The code snippets below will read in three integers as part of a single line and output their sum. For example, given the input

1 2 3

the output will be as follows:

The sum of these three numbers is 6

Feel free to test them out at ide.thecodingwizard.me.

Out of the methods below, which one should I use?

It doesn't matter. Whichever you're most comfortable with!

Standard I/O

In most websites (such as CodeForces and CSES), and in USACO problems after December 2020, input and output are standard.

C++

Method 1 - <iostream>

More straightforward to use. Calling the extraction operator operator>> on cin reads whitespace-separated data from standard input. Similarly, calling the insertion operator operator<< on cout writes to standard output. The escape sequence \n represents a new line.

#include <iostream>
using namespace std;
int main() {
int a;
int b;
int c;
cin >> a >> b >> c;
// "\n" can be replaced with endl as well
cout << "The sum of these three numbers is " << a + b + c << "\n";
}

endl vs \n

endl and \n are not equivalent; see Fast I/O for details.

Method 2 - <cstdio>

This library includes the scanf and printf functions, which are slightly more complicated to use.

#include <cstdio>
using namespace std;
int main() {
int a;
int b;
int c;
/*
* %d specifies that a value of type int is being input.
* To input a 64-bit (long long) number,

Input Speed

The second method is significantly faster (generally only an issue with large input sizes). However, the first method can be sped up so that the difference in speed is not significant; see Fast I/O for details.

Java

Method 1 - Scanner and System.out.print

In your CS classes, you've probably implemented input and output using standard input and standard output, or using Scanner to read input and System.out.print to print output.

import java.util.Scanner;
public class Main {
public static void main(String[] args) {
Scanner sc = new Scanner(System.in);
int a = sc.nextInt();
int b = sc.nextInt();
int c = sc.nextInt();
System.out.print("The sum of these three numbers is ");
System.out.println(a + b + c);
}
}

This works, but Scanner and System.out.print are slow when we have to handle inputting and outputting tens of thousands of lines.

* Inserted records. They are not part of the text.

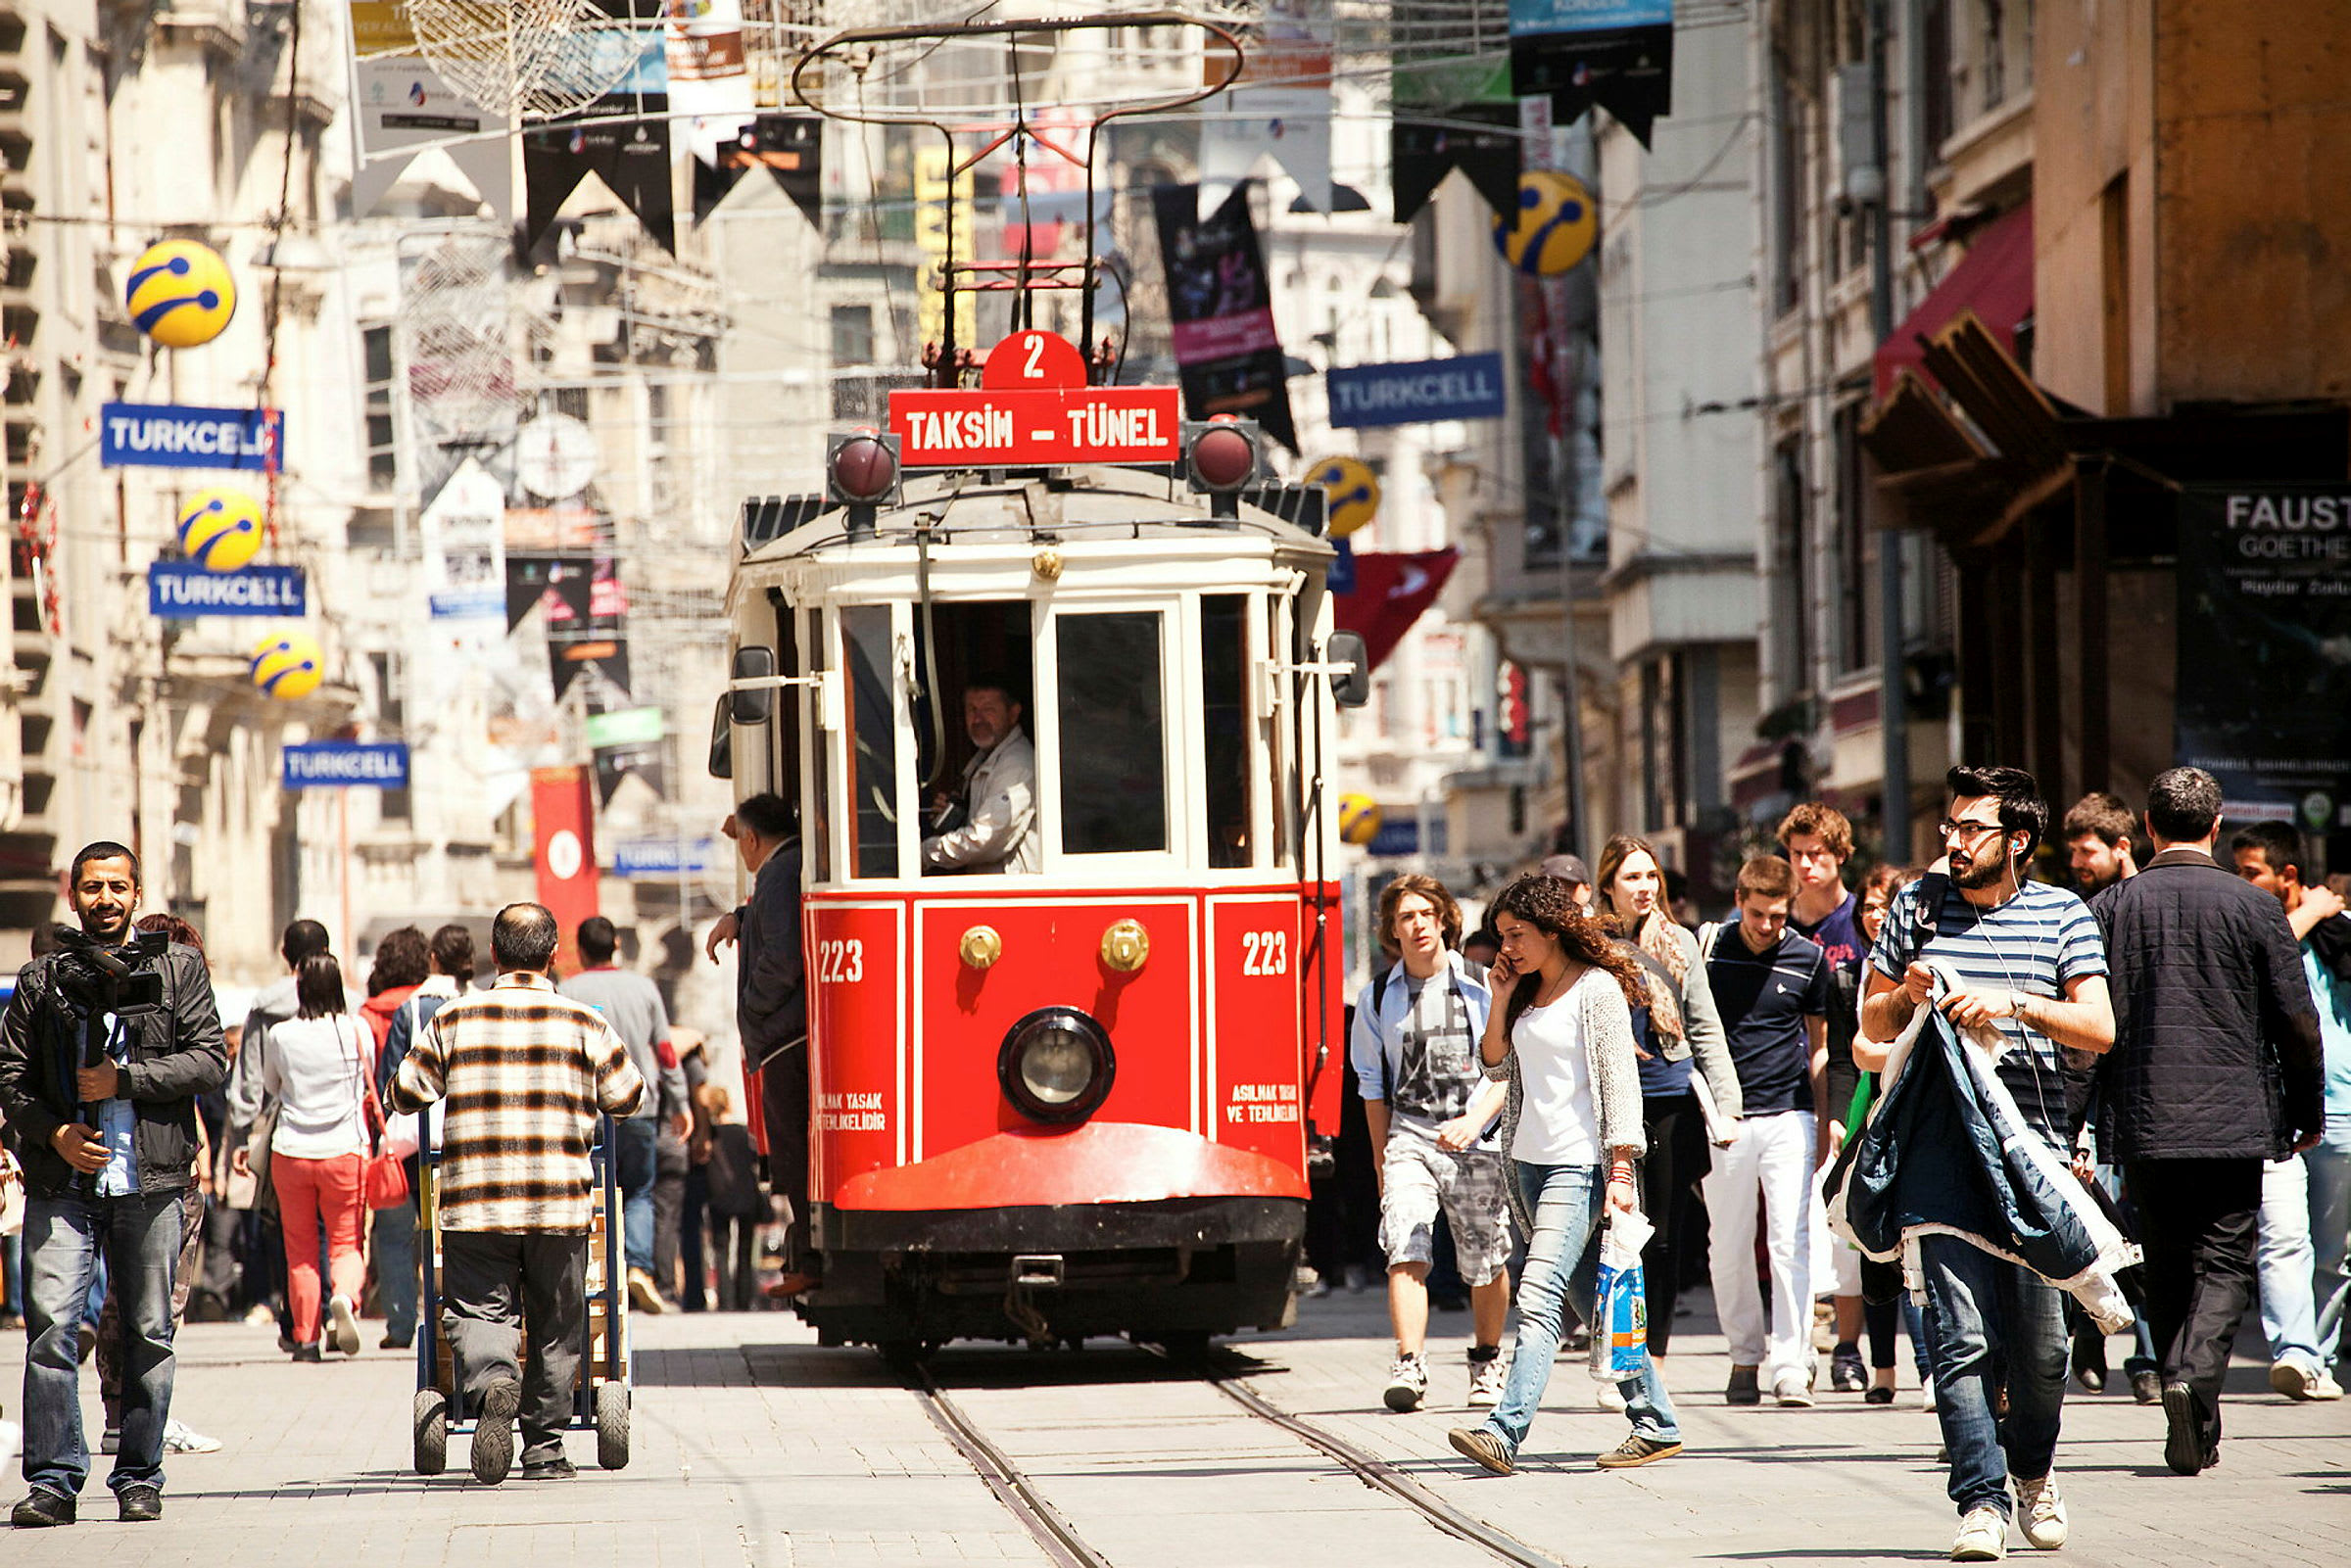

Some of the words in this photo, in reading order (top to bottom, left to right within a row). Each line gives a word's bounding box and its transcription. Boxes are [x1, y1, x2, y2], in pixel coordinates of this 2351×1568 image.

[1024, 335, 1044, 378] 2
[1335, 369, 1494, 411] TURKCELL
[906, 404, 1013, 451] TAKSİM
[1067, 403, 1169, 448] TÜNEL
[2238, 534, 2349, 559] GOETHE
[156, 574, 301, 606] TURKCELL
[288, 750, 404, 779] TURKCELL
[820, 938, 863, 982] 223
[1242, 930, 1287, 975] 223
[845, 1091, 883, 1111] YASAK
[1226, 1104, 1244, 1123] VE

Method 2 - BufferedReader and PrintWriter

These are faster because they buffer the input and output and handle it all at once as opposed to parsing each line individually. However, BufferedReader is harder to use than Scanner. It has quite a few more methods and the io library must be imported for its use as well. A StringTokenizer is used to split the input line by whitespace into tokens, which are then accessed individually by the nextToken() method.

import java.io.*;
import java.util.StringTokenizer;
public class Main {
public static void main(String[] args) throws IOException {
BufferedReader r = new BufferedReader(new InputStreamReader(System.in));
PrintWriter pw = new PrintWriter(System.out);
StringTokenizer st = new StringTokenizer(r.readLine());
int a = Integer.parseInt(st.nextToken());

I/O Template

The following template (a shortened version of Kattis's Kattio.java) combines BufferedReader and PrintWriter and takes care of the string processing for you.

import java.io.*;
import java.util.*;
/**
* Simple yet moderately fast I/O routines.
* Some notes:
*
* - When done, you should always do io.close() or io.flush() on the
* Kattio-instance, otherwise, you may lose output.
*

Optional: extends

extends is used so that Kattio inherits methods from PrintWriter (including print(), println() and close()). If you're interested, see here for more details.

The input methods in our Kattio class mimic those of Scanner. Given an instance io:

MethodDescription
io.next()Reads the next token (up to a whitespace) and returns a String
io.nextInt()Reads the next token (up to a whitespace) and returns as an int
io.nextLong()Reads the next token (up to a whitespace) and returns as a long
io.nextDouble()Reads the next token (up to a whitespace) and returns as a double
io.print(arg)Prints arg to designated output stream
io.println(arg)Prints arg to designated output stream and adds a newline
io.close()Closes the output stream and flushes the output. Make sure to call this (or io.flush()) at the end, or you won't see any output!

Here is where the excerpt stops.